[Text-to-region grounding data]
• • • • • • •

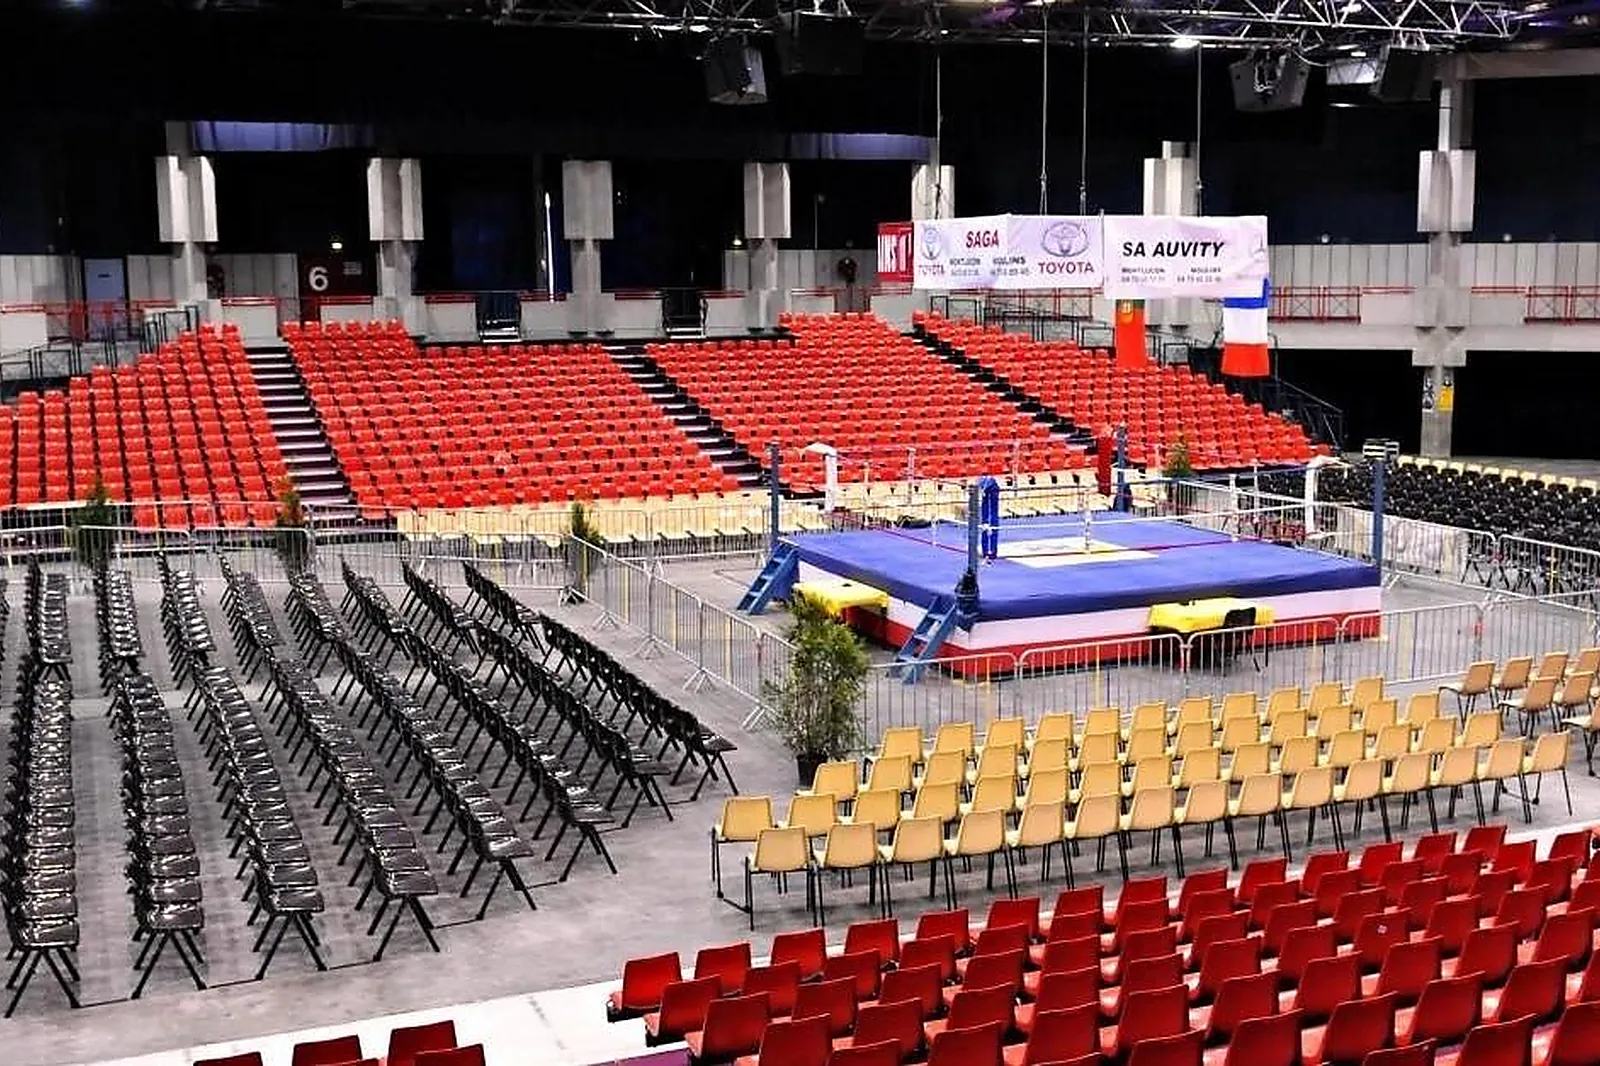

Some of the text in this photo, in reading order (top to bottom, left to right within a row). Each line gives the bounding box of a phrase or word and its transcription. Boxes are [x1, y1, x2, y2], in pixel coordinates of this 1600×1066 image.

[966, 229, 1000, 249] SAGA
[1122, 241, 1225, 257] SA AUVITY
[1038, 261, 1094, 274] TOYOTA
[309, 266, 329, 291] 6
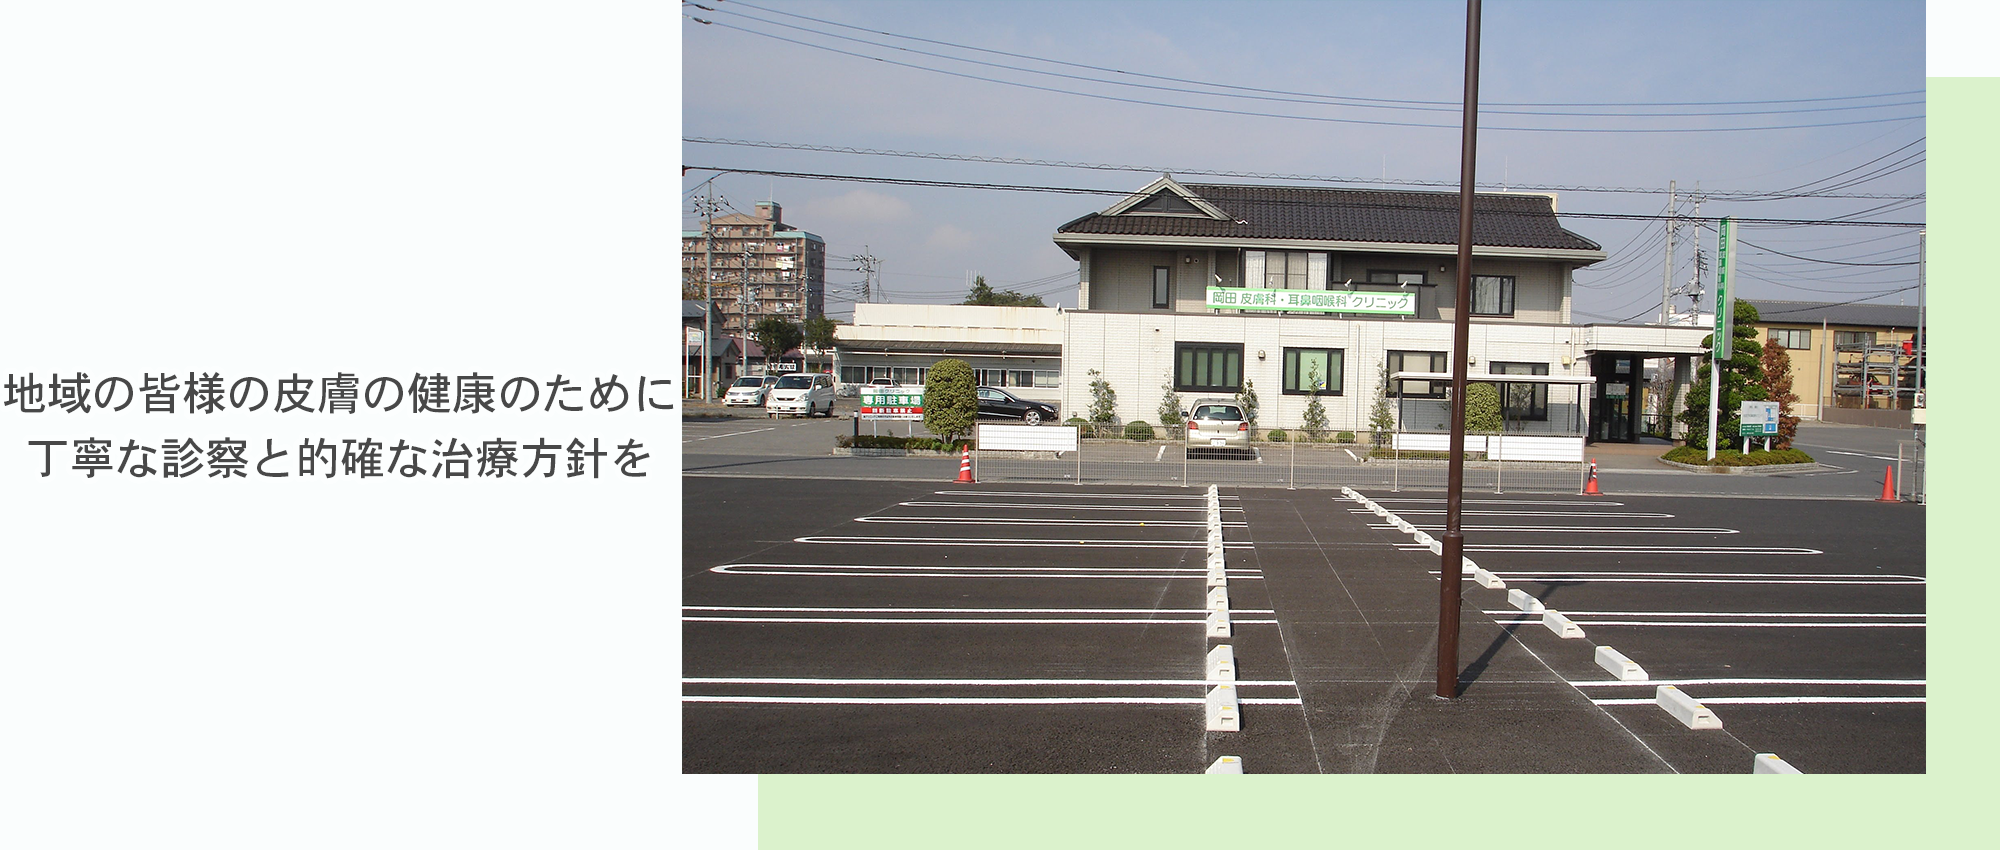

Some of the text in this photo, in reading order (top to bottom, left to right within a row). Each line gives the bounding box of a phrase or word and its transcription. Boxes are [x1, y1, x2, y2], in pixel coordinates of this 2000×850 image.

• • • • • • •

What to work on: Copy all the data exactly as written, but skip any picture.

Exercise solution:
Some of the text in this photo, in reading order (top to bottom, left to right within a row). Each line gives the bounding box of a phrase or word and its transcription. Boxes are [x1, y1, x2, y2], in pixel coordinates of this 1600×1066 image.

[966, 229, 1000, 249] SAGA
[1122, 241, 1225, 257] SA AUVITY
[1038, 261, 1094, 274] TOYOTA
[309, 266, 329, 291] 6

Some of the text in this photo, in reading order (top to bottom, left to right within a row). Each line gives the bounding box of a phrase or word and its transcription. Boxes are [x1, y1, x2, y2], in pixel coordinates of this 2000×850 image.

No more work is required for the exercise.